🤖 AI Summary
Large language models (LLMs) are vulnerable to jailbreaking attacks, which exploit input prompts to elicit harmful or undesired outputs.
Method: This paper proposes a training-free, interpretable suffix-based defense mechanism that enhances input robustness without fine-tuning or modifying model parameters. It strategically appends lightweight, human-readable suffix prompts to user inputs and validates efficacy via multi-round adaptive attack evaluations (e.g., GCG, AutoDAN).
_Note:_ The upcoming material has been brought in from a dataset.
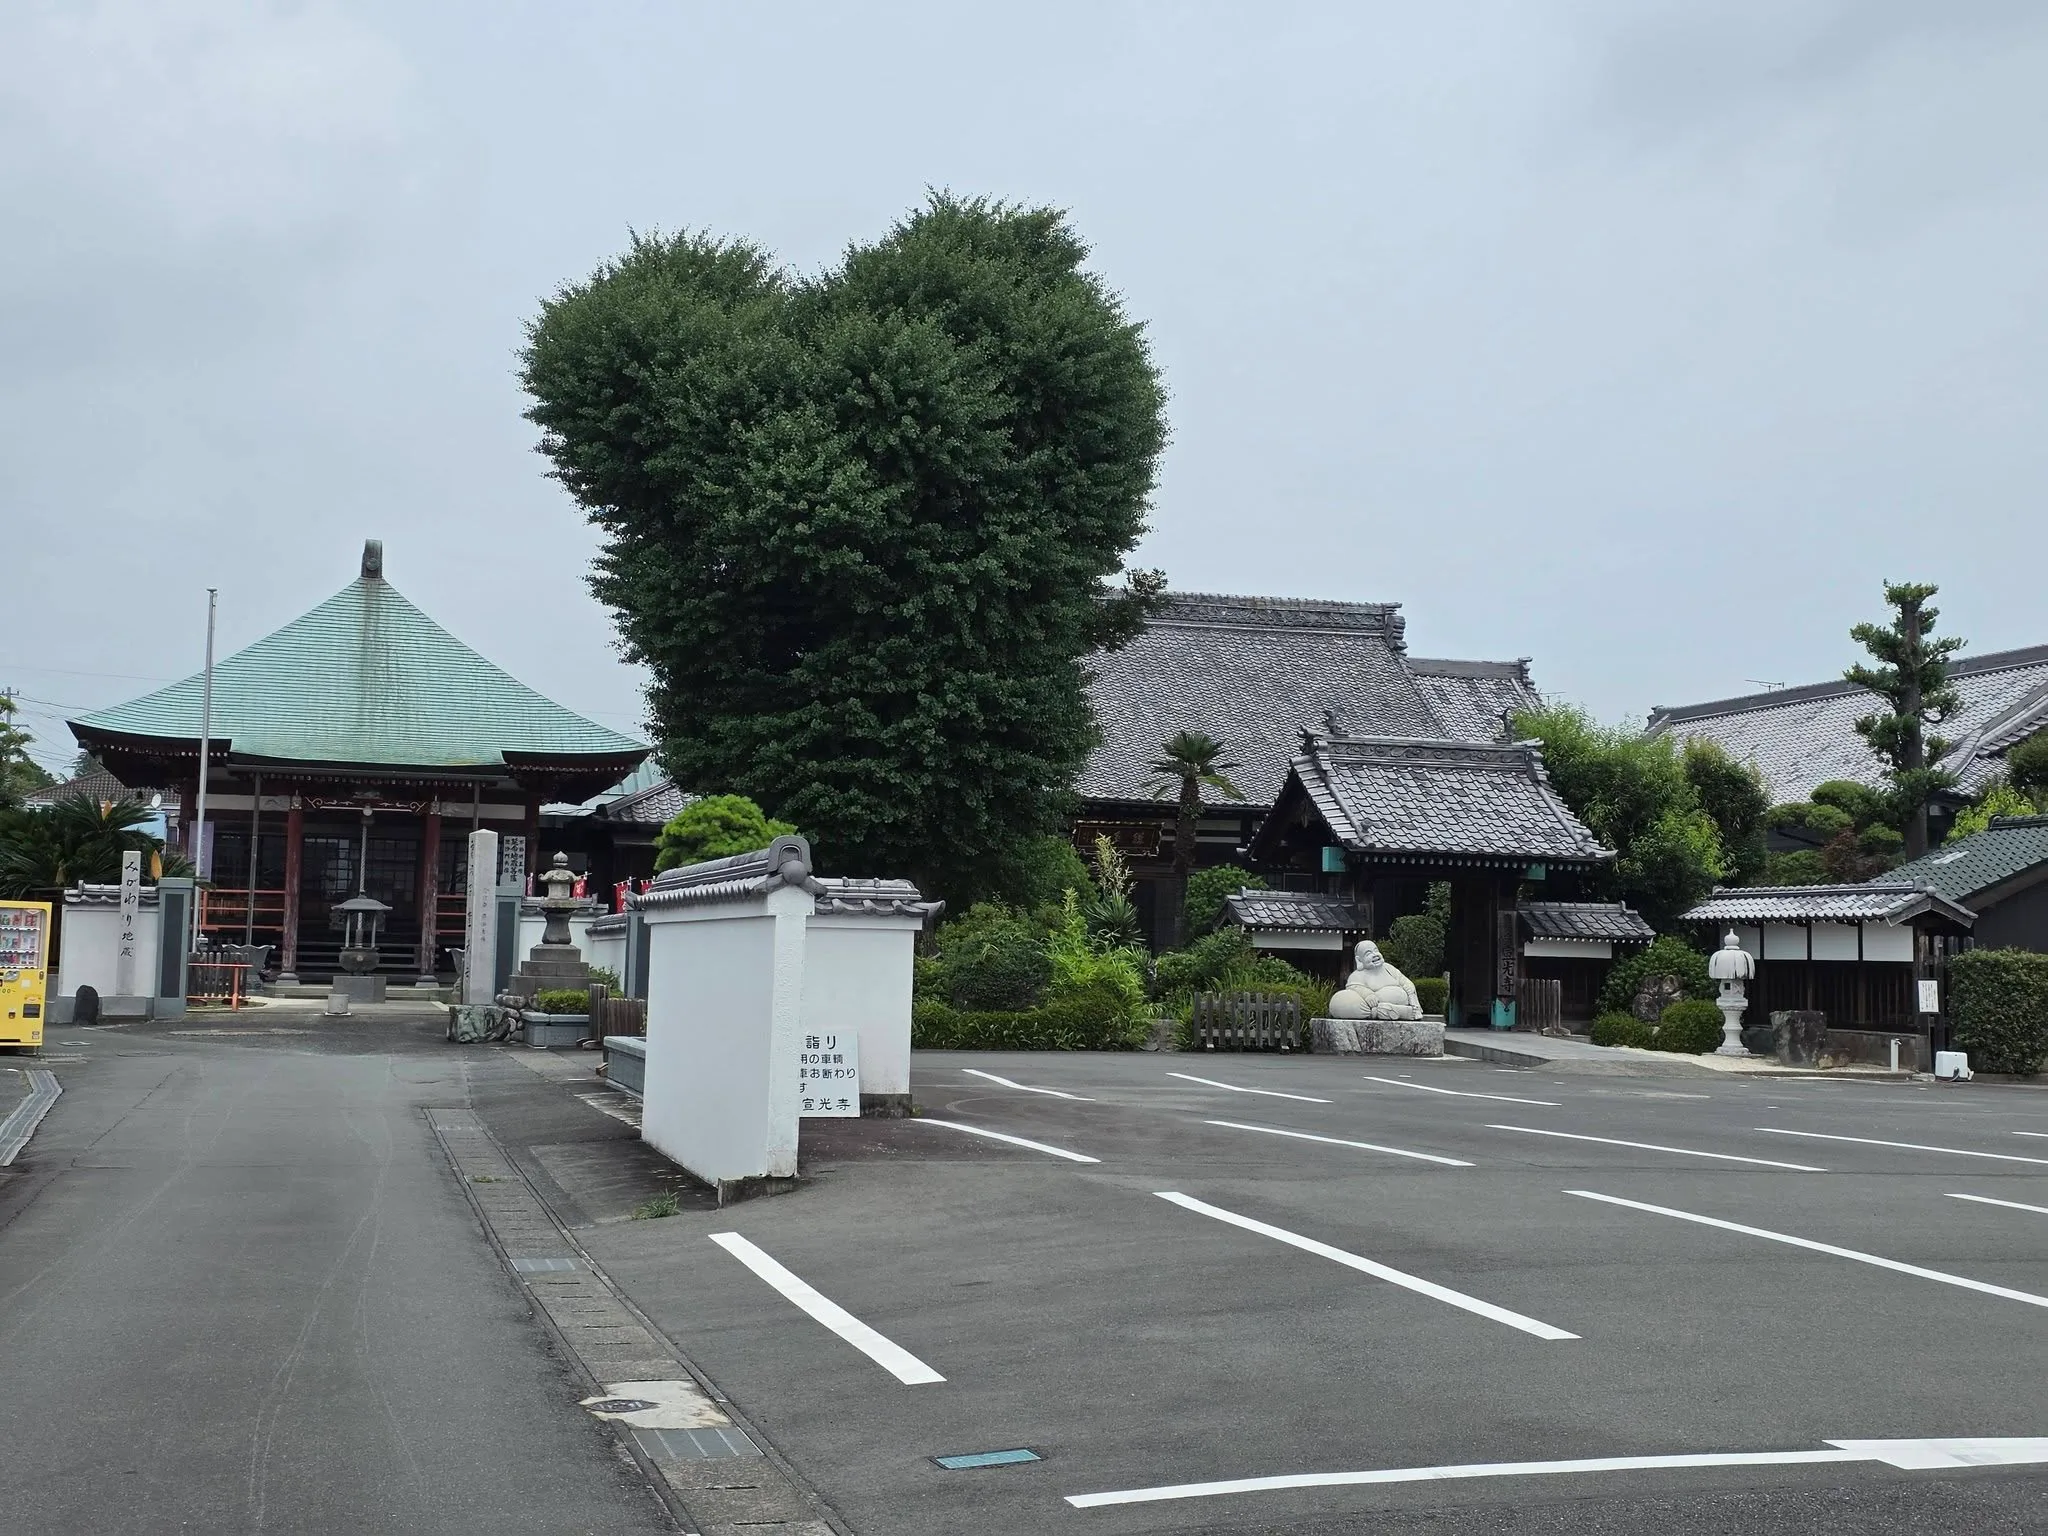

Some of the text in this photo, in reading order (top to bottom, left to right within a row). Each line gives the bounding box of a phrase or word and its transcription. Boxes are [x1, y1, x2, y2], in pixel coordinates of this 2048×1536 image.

[805, 1035, 836, 1050] 詣り
[802, 1098, 851, 1111] 宣光寺
Contribution/Results: To our knowledge, this is the first approach achieving Pareto-optimal trade-off between attack success rate (ASR) reduction and task utility preservation. On LLaMA-2-7B-Chat and Mistral-7B-Instruct, it reduces ASR by over 72% on average while incurring less than 0.8% utility degradation. The method demonstrates strong cross-model generalizability—requiring no model-specific adaptation—and significantly outperforms existing defenses in both robustness and efficiency.
📝 Abstract
Safety, security, and compliance are essential requirements when aligning large language models (LLMs). However, many seemingly aligned LLMs are soon shown to be susceptible to jailbreak attacks. These attacks aim to circumvent the models' safety guardrails and security mechanisms by introducing jailbreak prompts into malicious queries. In response to these challenges, this paper introduces Defensive Prompt Patch (DPP), a novel prompt-based defense mechanism specifically designed to protect LLMs against such sophisticated jailbreak strategies. Unlike previous approaches, which have often compromised the utility of the model for the sake of safety, DPP is designed to achieve a minimal Attack Success Rate (ASR) while preserving the high utility of LLMs. Our method uses strategically designed interpretable suffix prompts that effectively thwart a wide range of standard and adaptive jailbreak techniques. Empirical results conducted on LLAMA-2-7B-Chat and Mistral-7B-Instruct-v0.2 models demonstrate the robustness and adaptability of DPP, showing significant reductions in ASR with negligible impact on utility. Our approach not only outperforms existing defense strategies in balancing safety and functionality, but also provides a scalable and interpretable solution applicable to various LLM platforms.